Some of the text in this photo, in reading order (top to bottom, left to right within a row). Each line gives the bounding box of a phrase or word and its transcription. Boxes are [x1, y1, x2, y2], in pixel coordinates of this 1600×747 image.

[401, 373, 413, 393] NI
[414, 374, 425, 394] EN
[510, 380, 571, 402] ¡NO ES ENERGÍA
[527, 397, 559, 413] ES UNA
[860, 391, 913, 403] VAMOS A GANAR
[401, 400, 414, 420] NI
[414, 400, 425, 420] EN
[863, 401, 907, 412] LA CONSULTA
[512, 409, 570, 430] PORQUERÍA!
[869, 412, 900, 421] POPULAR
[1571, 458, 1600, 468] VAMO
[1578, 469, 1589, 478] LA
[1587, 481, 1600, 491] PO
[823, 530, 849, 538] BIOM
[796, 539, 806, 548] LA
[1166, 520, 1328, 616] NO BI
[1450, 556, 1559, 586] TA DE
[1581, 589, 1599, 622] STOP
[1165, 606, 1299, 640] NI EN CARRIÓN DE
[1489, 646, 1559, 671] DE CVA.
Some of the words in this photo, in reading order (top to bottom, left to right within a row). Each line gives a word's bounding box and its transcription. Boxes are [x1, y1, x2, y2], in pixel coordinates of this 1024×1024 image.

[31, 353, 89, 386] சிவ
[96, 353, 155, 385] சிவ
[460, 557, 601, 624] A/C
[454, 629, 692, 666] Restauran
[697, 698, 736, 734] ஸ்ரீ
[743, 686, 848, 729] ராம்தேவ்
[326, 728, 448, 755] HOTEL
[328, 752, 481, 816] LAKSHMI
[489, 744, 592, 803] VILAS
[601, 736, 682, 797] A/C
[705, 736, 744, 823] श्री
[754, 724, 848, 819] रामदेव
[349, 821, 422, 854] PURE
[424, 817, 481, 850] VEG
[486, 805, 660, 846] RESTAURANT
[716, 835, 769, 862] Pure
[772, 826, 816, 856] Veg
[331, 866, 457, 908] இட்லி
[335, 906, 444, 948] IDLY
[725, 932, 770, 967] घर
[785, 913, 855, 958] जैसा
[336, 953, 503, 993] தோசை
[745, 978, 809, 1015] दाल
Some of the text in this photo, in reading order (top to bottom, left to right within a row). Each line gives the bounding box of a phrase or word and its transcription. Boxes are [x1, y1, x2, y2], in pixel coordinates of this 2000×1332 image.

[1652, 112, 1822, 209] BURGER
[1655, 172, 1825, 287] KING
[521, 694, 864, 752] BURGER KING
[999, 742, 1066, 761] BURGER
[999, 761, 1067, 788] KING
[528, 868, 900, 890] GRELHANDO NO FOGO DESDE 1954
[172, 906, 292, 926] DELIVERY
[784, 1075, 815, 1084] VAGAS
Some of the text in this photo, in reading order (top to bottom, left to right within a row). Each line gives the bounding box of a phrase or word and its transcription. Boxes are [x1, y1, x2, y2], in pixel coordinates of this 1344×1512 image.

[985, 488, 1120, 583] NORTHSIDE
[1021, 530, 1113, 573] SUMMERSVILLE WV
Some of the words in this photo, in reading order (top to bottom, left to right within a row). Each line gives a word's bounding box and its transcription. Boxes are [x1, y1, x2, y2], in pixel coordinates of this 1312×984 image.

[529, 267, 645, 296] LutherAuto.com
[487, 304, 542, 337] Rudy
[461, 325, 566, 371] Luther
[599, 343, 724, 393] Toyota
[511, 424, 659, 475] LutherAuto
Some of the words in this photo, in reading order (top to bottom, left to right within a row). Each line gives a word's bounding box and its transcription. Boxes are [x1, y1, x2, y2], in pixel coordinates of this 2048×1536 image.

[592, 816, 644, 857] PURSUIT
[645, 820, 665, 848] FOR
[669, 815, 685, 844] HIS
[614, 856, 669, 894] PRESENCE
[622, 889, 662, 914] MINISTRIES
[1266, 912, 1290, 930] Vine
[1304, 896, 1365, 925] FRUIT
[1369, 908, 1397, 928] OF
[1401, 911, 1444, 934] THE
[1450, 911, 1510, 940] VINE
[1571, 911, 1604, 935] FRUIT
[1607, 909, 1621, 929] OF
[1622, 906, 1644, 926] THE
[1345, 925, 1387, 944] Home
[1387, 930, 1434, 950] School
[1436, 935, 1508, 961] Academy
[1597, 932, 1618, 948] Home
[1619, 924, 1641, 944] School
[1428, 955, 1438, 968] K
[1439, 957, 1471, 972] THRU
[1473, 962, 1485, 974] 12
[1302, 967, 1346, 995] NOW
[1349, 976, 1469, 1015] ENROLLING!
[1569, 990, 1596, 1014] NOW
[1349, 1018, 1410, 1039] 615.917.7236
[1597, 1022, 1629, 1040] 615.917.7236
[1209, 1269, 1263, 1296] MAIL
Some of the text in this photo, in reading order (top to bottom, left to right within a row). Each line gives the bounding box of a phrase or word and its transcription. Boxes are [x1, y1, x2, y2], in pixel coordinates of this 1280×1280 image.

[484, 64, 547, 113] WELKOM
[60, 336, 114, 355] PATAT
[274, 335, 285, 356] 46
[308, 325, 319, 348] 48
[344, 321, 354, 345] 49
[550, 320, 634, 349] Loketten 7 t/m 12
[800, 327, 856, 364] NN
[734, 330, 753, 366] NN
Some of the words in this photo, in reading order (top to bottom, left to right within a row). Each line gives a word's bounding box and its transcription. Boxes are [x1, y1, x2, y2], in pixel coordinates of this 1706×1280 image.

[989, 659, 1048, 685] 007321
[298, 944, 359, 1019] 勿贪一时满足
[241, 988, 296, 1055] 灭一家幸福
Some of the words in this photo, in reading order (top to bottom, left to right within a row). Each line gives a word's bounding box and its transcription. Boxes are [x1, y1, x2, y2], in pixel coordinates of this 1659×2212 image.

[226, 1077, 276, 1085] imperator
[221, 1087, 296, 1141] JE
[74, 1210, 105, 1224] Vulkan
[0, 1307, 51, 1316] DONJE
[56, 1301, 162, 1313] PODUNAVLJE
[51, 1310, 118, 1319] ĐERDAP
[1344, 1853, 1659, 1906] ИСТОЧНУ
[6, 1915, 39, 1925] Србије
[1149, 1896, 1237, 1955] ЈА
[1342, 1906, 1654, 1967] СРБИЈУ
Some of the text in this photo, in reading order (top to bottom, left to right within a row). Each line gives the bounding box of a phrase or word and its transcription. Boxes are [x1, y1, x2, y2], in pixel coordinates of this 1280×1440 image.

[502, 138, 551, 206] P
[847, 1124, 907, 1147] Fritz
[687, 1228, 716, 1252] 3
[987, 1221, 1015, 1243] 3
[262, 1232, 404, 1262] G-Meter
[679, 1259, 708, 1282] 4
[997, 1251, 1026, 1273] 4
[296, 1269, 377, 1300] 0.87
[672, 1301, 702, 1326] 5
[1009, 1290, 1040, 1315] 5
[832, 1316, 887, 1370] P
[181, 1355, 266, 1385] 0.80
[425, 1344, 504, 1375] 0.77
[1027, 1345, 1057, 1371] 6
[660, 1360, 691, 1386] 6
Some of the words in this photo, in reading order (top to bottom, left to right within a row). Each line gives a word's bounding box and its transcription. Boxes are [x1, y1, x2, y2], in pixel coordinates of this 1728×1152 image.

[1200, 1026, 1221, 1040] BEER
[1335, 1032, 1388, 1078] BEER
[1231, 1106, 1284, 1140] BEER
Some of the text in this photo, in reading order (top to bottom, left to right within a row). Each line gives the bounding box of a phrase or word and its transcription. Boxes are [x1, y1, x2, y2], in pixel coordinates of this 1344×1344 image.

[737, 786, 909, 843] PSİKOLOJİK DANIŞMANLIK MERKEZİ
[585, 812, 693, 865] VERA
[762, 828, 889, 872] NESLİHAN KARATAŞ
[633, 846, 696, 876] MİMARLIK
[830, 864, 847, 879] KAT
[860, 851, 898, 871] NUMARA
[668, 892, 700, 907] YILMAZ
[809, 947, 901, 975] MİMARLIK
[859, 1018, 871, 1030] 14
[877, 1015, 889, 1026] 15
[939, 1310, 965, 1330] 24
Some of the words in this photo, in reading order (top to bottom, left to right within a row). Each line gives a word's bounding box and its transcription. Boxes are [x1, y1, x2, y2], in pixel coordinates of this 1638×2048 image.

※ ※ ※

- [TASK]: Lines from the one containing "this 1728×1152 image." through the end of the data above must be written out exactly, and no other lines are needed.

- [THE ANSWER]:
Some of the words in this photo, in reading order (top to bottom, left to right within a row). Each line gives a word's bounding box and its transcription. Boxes are [x1, y1, x2, y2], in pixel coordinates of this 1728×1152 image.

[1200, 1026, 1221, 1040] BEER
[1335, 1032, 1388, 1078] BEER
[1231, 1106, 1284, 1140] BEER
Some of the text in this photo, in reading order (top to bottom, left to right within a row). Each line gives the bounding box of a phrase or word and its transcription. Boxes are [x1, y1, x2, y2], in pixel coordinates of this 1344×1344 image.

[737, 786, 909, 843] PSİKOLOJİK DANIŞMANLIK MERKEZİ
[585, 812, 693, 865] VERA
[762, 828, 889, 872] NESLİHAN KARATAŞ
[633, 846, 696, 876] MİMARLIK
[830, 864, 847, 879] KAT
[860, 851, 898, 871] NUMARA
[668, 892, 700, 907] YILMAZ
[809, 947, 901, 975] MİMARLIK
[859, 1018, 871, 1030] 14
[877, 1015, 889, 1026] 15
[939, 1310, 965, 1330] 24
Some of the words in this photo, in reading order (top to bottom, left to right within a row). Each line gives a word's bounding box and its transcription. Boxes are [x1, y1, x2, y2], in pixel coordinates of this 1638×2048 image.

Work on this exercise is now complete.